**Data for the task:**
=== Section Start ===

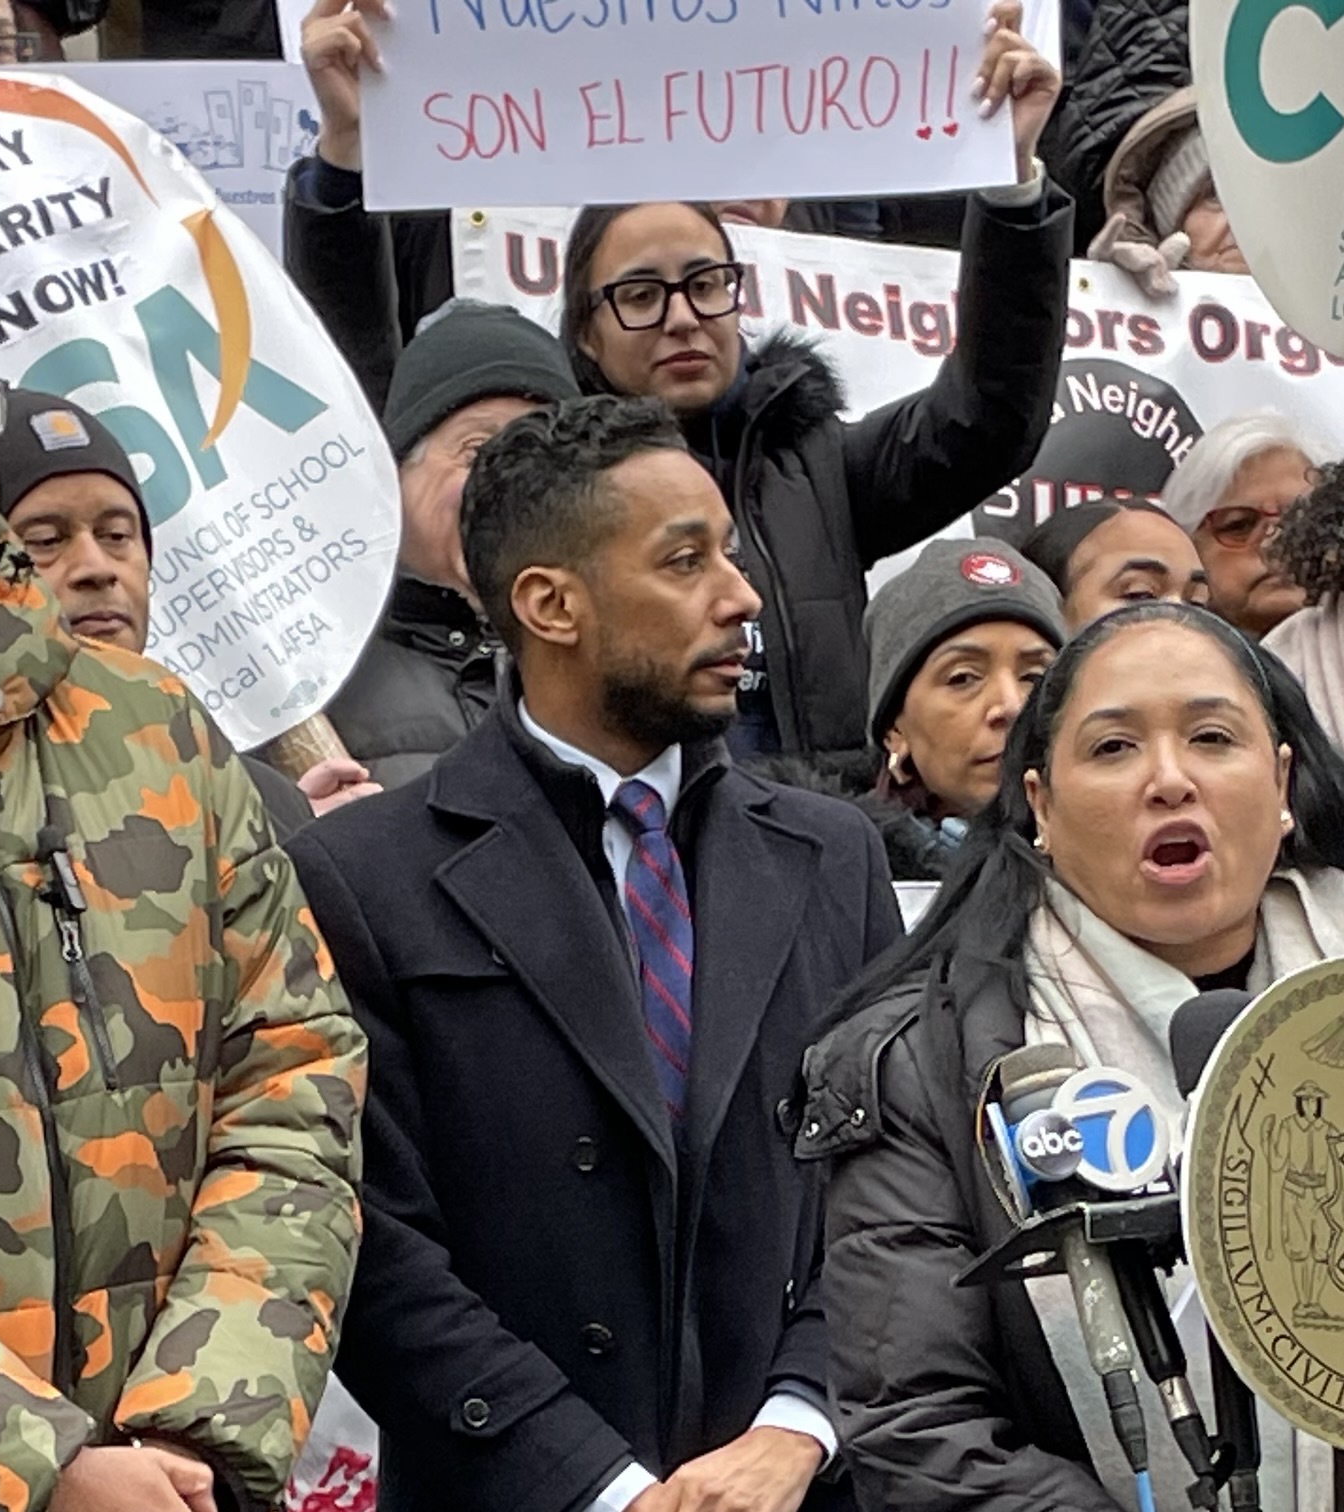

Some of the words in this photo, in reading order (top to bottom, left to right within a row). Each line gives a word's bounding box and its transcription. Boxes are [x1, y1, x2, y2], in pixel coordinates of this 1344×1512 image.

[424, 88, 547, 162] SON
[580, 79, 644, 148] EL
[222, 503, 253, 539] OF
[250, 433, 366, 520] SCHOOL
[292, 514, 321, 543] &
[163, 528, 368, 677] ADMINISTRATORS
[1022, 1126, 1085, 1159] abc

=== Section End ===

**Task to carry out:**
Images are to be left out when the records above are written out again exactly.

**Written solution:**
Some of the words in this photo, in reading order (top to bottom, left to right within a row). Each line gives a word's bounding box and its transcription. Boxes are [x1, y1, x2, y2], in pixel coordinates of this 1344×1512 image.

[424, 88, 547, 162] SON
[580, 79, 644, 148] EL
[222, 503, 253, 539] OF
[250, 433, 366, 520] SCHOOL
[292, 514, 321, 543] &
[163, 528, 368, 677] ADMINISTRATORS
[1022, 1126, 1085, 1159] abc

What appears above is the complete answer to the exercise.